ASSIGNED TASK - Every record below should be repeated word for word, with the pictures left out.

(Dataset excerpts)
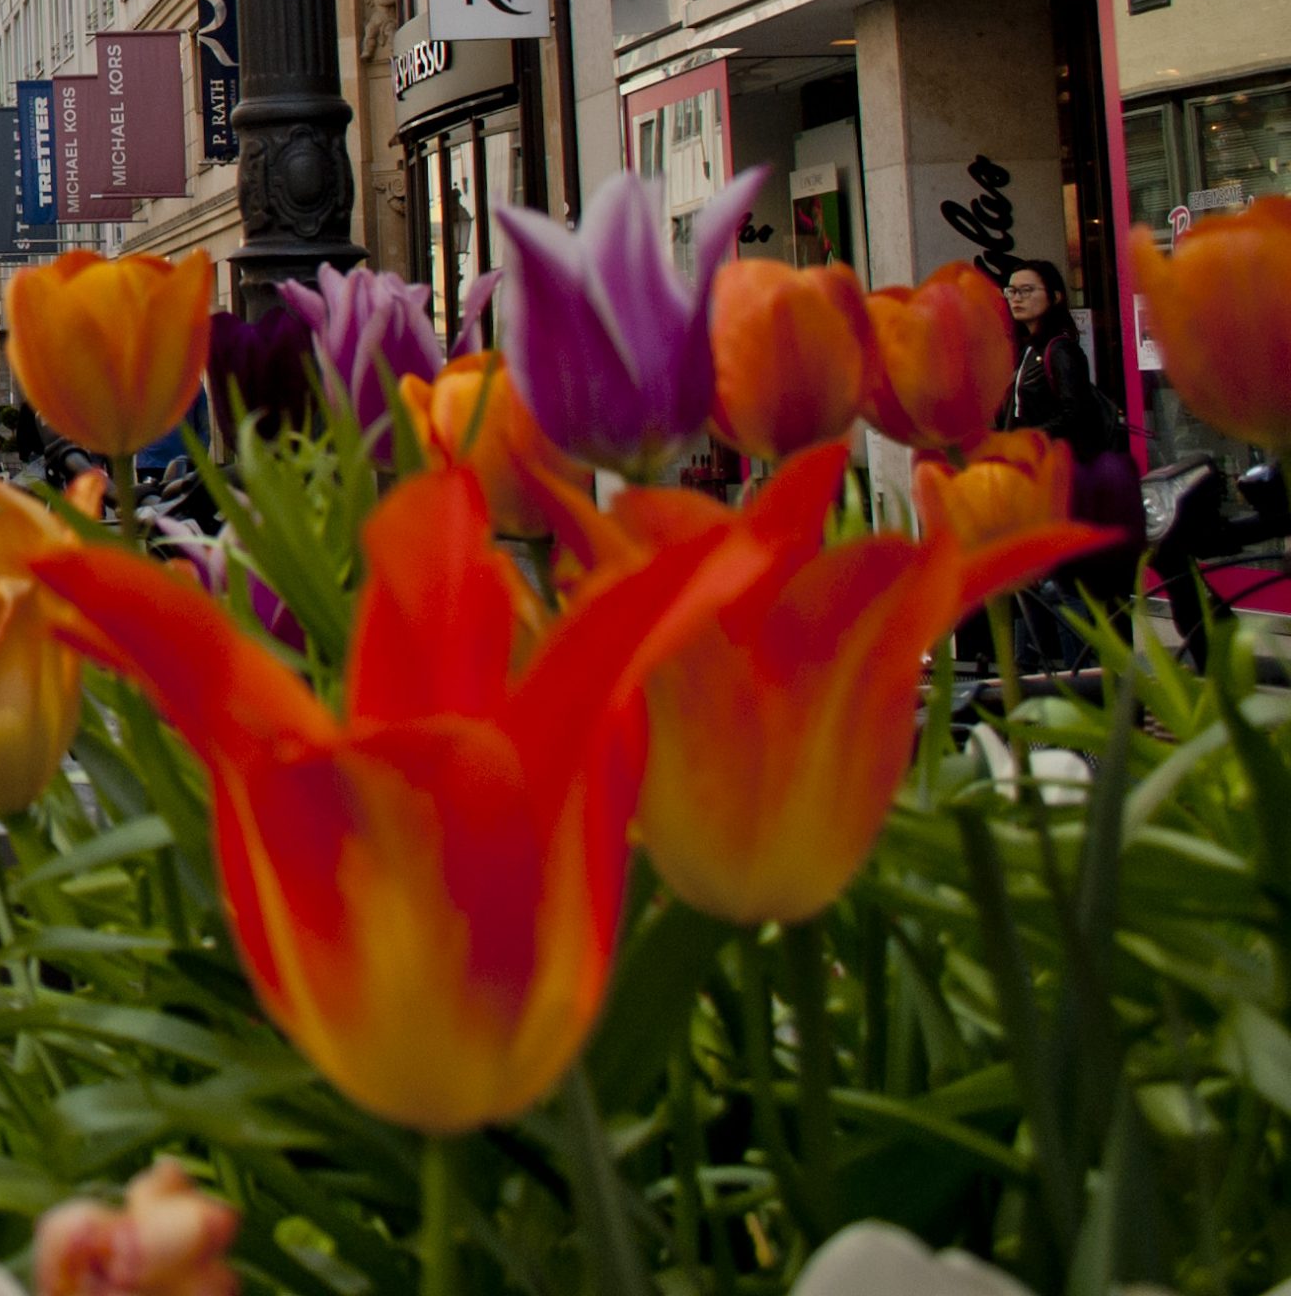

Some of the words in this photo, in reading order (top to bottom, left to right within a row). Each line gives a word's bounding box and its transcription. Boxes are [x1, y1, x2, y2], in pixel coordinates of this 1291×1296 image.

[107, 44, 124, 95] KORS
[62, 86, 77, 133] KORS
[210, 79, 226, 126] RATH
[34, 96, 52, 208] TRETTER
[65, 138, 80, 213] MICHAEL
[110, 102, 127, 186] MICHAEL
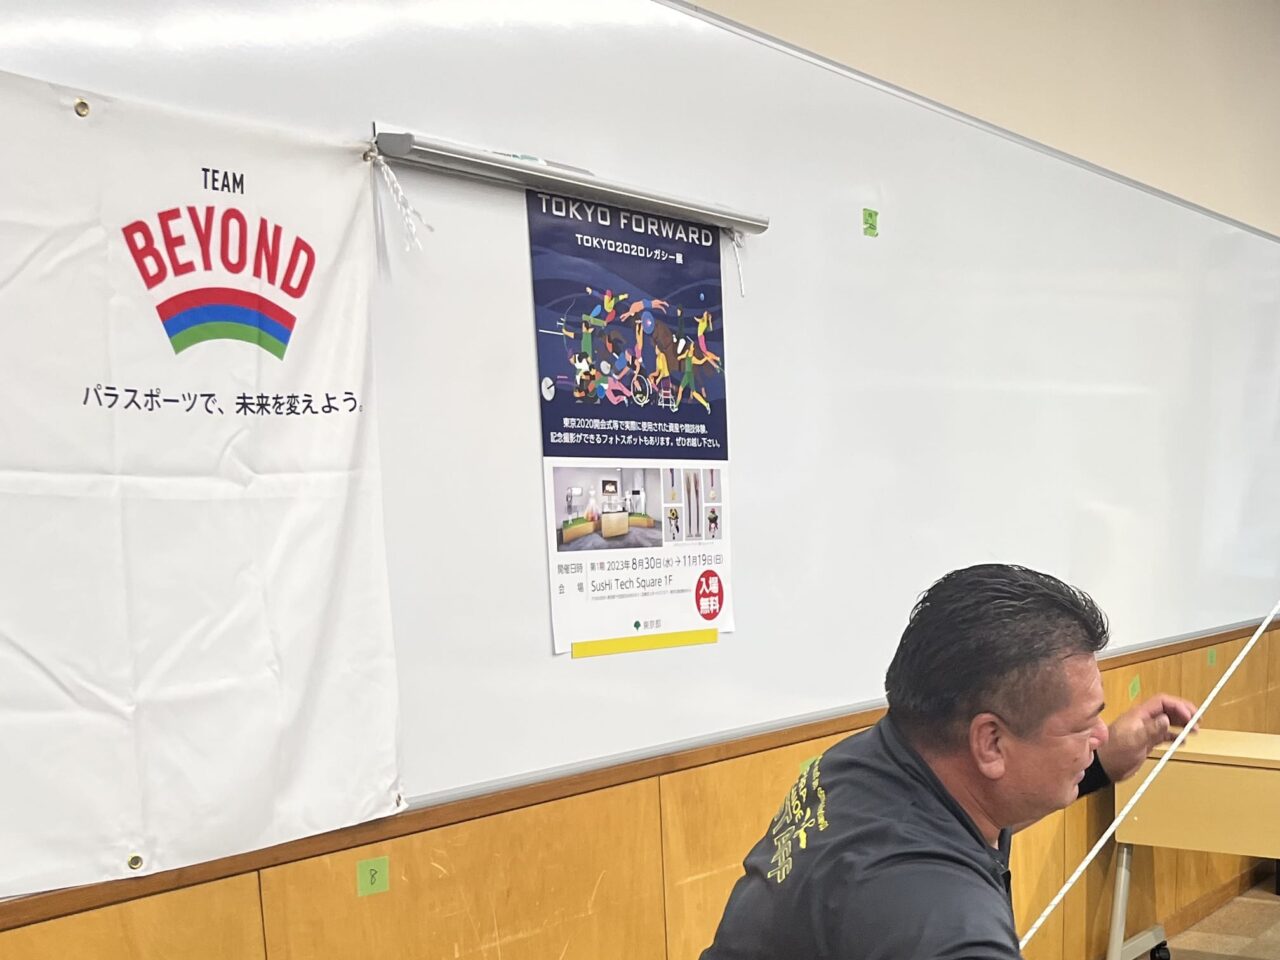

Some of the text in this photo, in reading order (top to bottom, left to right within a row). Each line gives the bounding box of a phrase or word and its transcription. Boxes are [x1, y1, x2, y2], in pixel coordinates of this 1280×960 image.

[201, 167, 245, 195] TEAM
[537, 193, 713, 247] TOKYO FORWARD
[121, 205, 316, 299] BEYOND
[82, 383, 364, 416] パラスポーツで、未来を変えよう。
[607, 559, 631, 571] 2023年
[591, 574, 673, 593] SusHi Tech Square 1F
[699, 576, 719, 595] 入場
[699, 596, 720, 615] 無料

RESPONSE FOR THIS EXERCISE -
Some of the words in this photo, in reading order (top to bottom, left to right within a row). Each line gives a word's bounding box and its transcription. Boxes are [x1, y1, x2, y2], in pixel coordinates of this 1291×1296 image.

[107, 44, 124, 95] KORS
[62, 86, 77, 133] KORS
[210, 79, 226, 126] RATH
[34, 96, 52, 208] TRETTER
[65, 138, 80, 213] MICHAEL
[110, 102, 127, 186] MICHAEL

Some of the text in this photo, in reading order (top to bottom, left to right within a row). Each line gives the bounding box of a phrase or word and its transcription. Boxes are [x1, y1, x2, y2], in pixel coordinates of this 1280×960 image.

[201, 167, 245, 195] TEAM
[537, 193, 713, 247] TOKYO FORWARD
[121, 205, 316, 299] BEYOND
[82, 383, 364, 416] パラスポーツで、未来を変えよう。
[607, 559, 631, 571] 2023年
[591, 574, 673, 593] SusHi Tech Square 1F
[699, 576, 719, 595] 入場
[699, 596, 720, 615] 無料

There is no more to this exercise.